23.Stock-Based Awards in Substitution for Option Rights or Awards Granted by Other Company. Notwithstanding anything in this Plan to the contrary:
(a)Awards may be granted under this Plan in substitution for or in conversion of, or in connection with an assumption of, stock options, stock appreciation rights, restricted stock, restricted stock units or other stock or stock-based awards held by awardees of an entity engaging in a corporate acquisition or merger transaction with the Company or any Subsidiary. Any conversion, substitution or assumption will be effective as of the close of the merger or acquisition, and, to the extent applicable, will be conducted in a manner that complies with Section 409A of the Code. The awards so granted may reflect the original terms of the awards being assumed or substituted or converted for and need not comply with other specific terms of this Plan, and may account for Common Shares substituted for the securities covered by the original awards and the number of shares subject to the original awards, as well as any exercise or purchase prices applicable to the original awards, adjusted to account for differences in stock prices in connection with the transaction.

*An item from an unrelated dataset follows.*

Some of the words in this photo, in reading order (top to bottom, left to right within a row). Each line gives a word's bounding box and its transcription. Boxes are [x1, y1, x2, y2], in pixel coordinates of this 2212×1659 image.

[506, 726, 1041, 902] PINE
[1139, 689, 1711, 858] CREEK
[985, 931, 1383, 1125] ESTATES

(b)In the event that a company acquired by the Company or any Subsidiary or with which the Company or any Subsidiary merges has shares available under a pre-existing plan previously approved by shareholders and not adopted in contemplation of such acquisition or merger, the shares available for grant pursuant to the terms of such plan (as adjusted, to the extent appropriate, to reflect such acquisition or merger) may be used for awards made after such acquisition or merger under the Plan; provided, however, that awards using such available shares may not be made after the date awards or grants could have been made under the terms of the pre-existing plan absent the acquisition or merger, and may only be made to individuals who were not employees or directors of the Company or any Subsidiary prior to such acquisition or merger.

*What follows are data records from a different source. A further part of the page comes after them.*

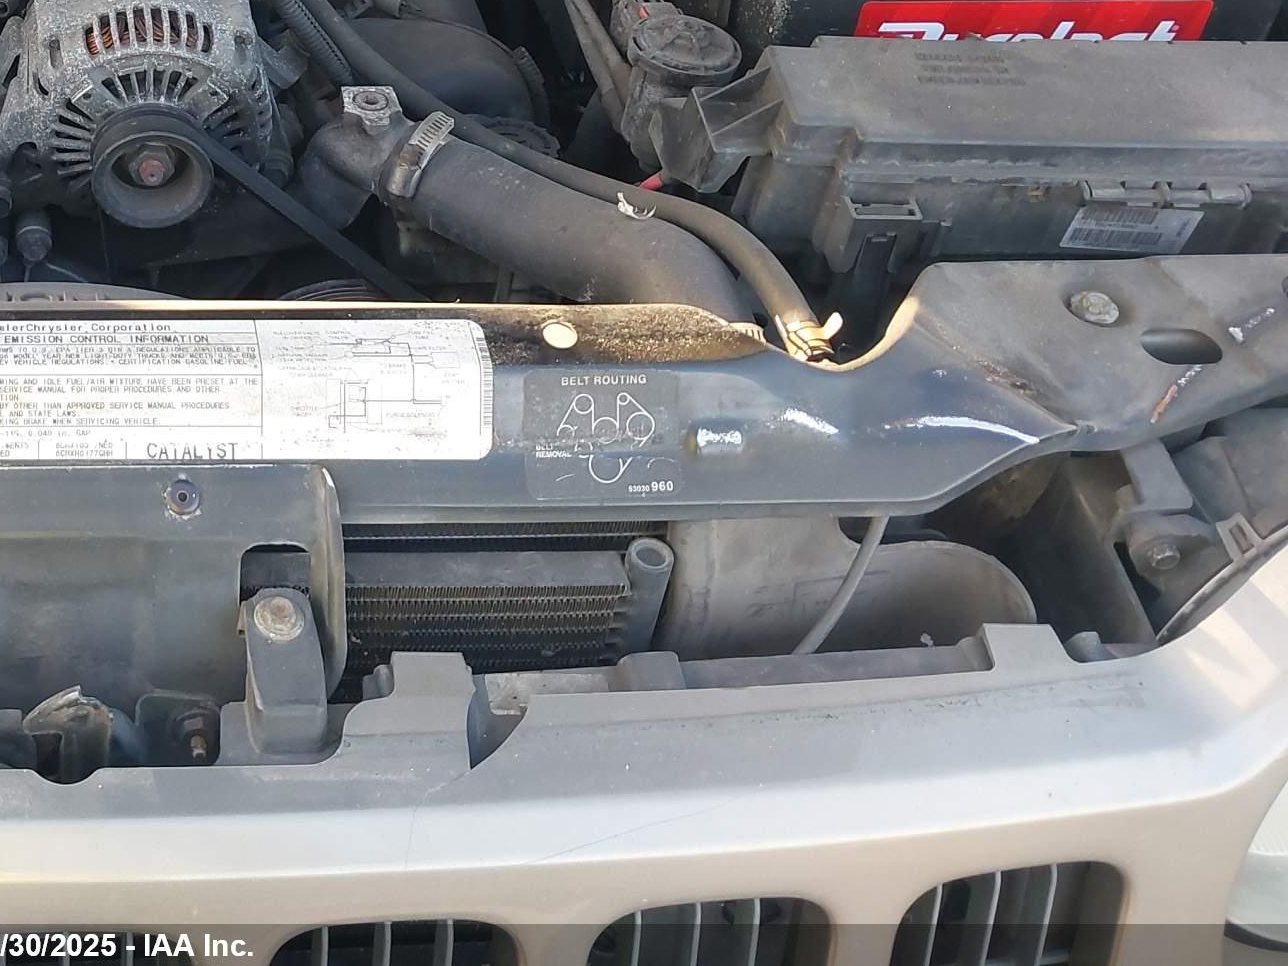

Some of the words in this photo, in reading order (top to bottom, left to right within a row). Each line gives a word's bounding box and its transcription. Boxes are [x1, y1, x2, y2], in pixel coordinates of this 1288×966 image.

[91, 323, 171, 333] Corporation
[4, 335, 63, 344] EMISSION
[69, 335, 121, 344] CONTROL
[130, 334, 209, 344] INFORMATION
[171, 377, 191, 385] BEEN
[195, 377, 224, 385] PRESET
[228, 377, 239, 385] AT
[243, 377, 258, 385] THE
[561, 376, 590, 386] BELT
[593, 374, 647, 385] ROUTING
[195, 385, 219, 393] OTHER
[146, 442, 238, 459] CATALYST
[535, 450, 571, 458] REMOVAL
[651, 480, 674, 491] 960
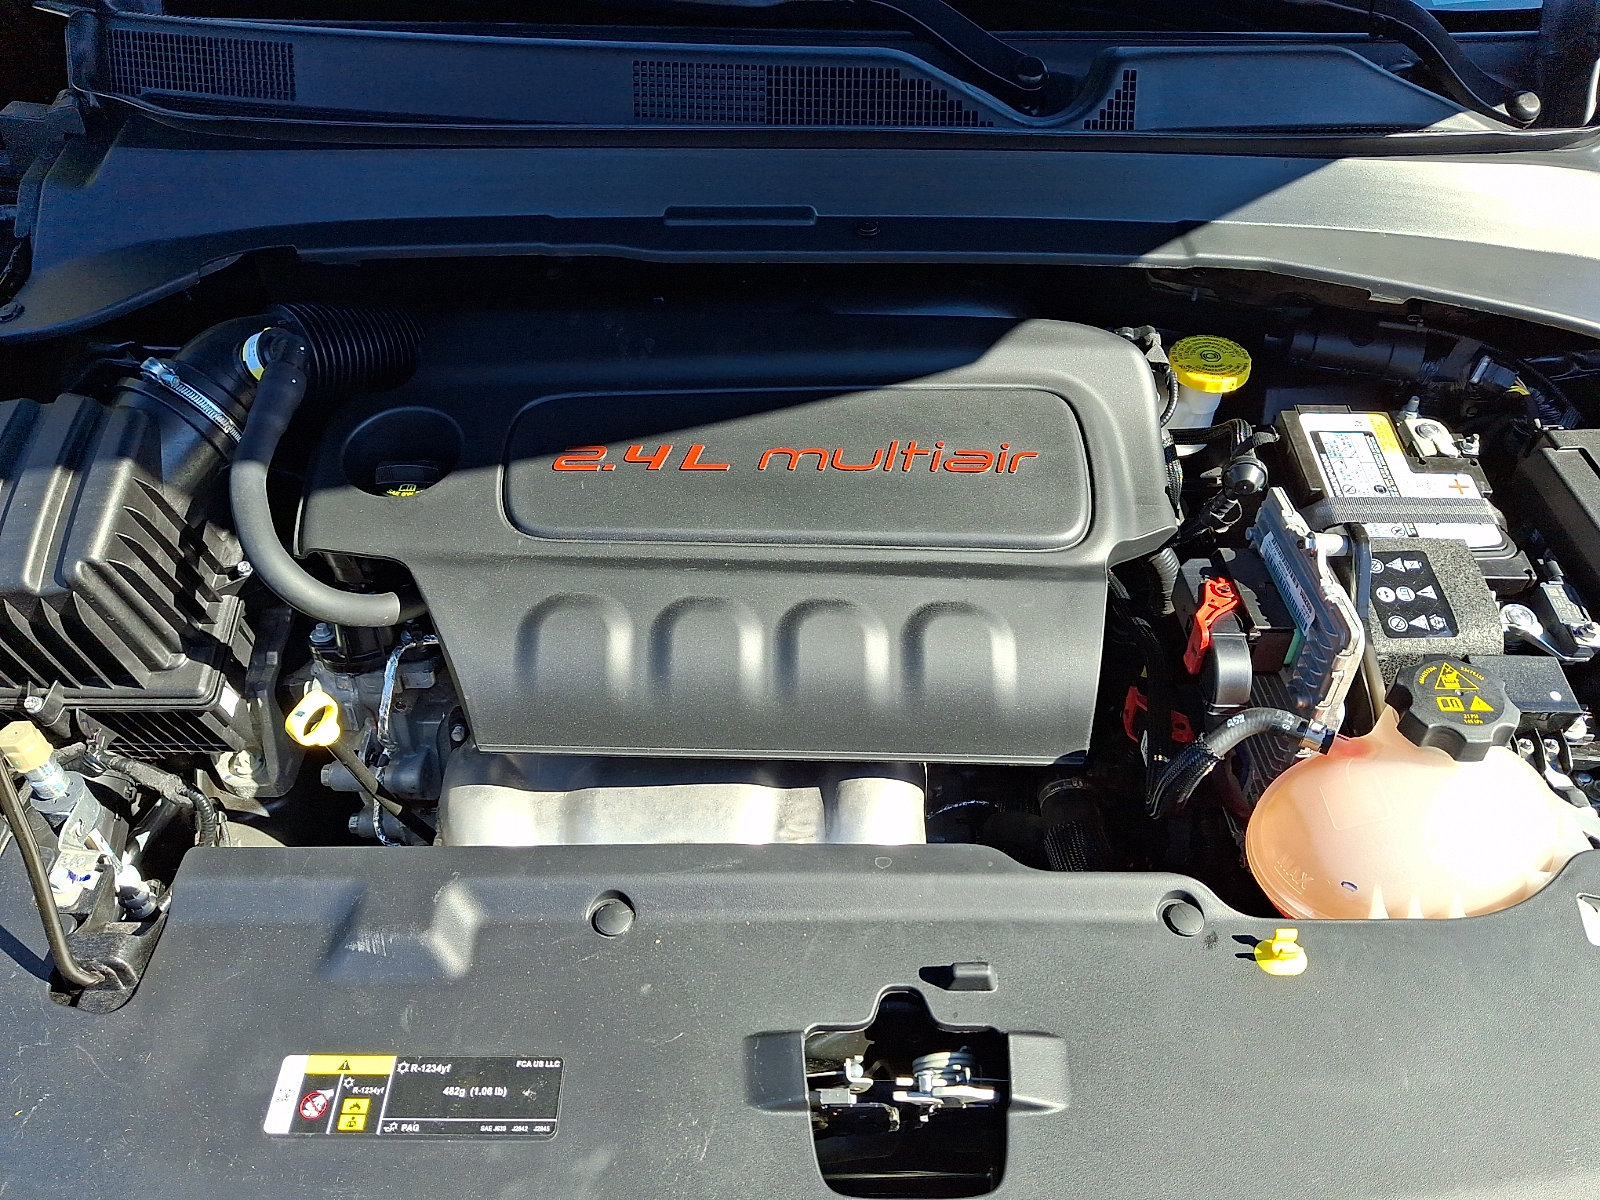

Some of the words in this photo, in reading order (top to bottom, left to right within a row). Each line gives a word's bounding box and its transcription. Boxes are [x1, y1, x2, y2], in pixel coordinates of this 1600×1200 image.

[758, 440, 1039, 474] multiair
[410, 1063, 452, 1075] R-1234yf
[516, 1060, 532, 1068] FCA
[532, 1060, 544, 1068] US
[544, 1060, 562, 1068] LLC
[352, 1086, 386, 1096] R-1234yf
[494, 1086, 508, 1098] lb)
[400, 1123, 420, 1132] PAG

(c)Any Common Shares that are issued or transferred by, or that are subject to any awards that are granted by, or become obligations of, the Company under Sections 23(a) or 23(b) above will not reduce the Common Shares available for issuance or transfer under the Plan or otherwise count against the limits contained in Section 3 of the Plan. In addition, no Common Shares subject to an award that is granted by, or becomes an obligation, of the Company under Sections 23(a) or 23(b) above will be added to the aggregate limit contained in Section 3(a)(i) if such award is cancelled or forfeited, expires or is settled for cash (in whole or in part).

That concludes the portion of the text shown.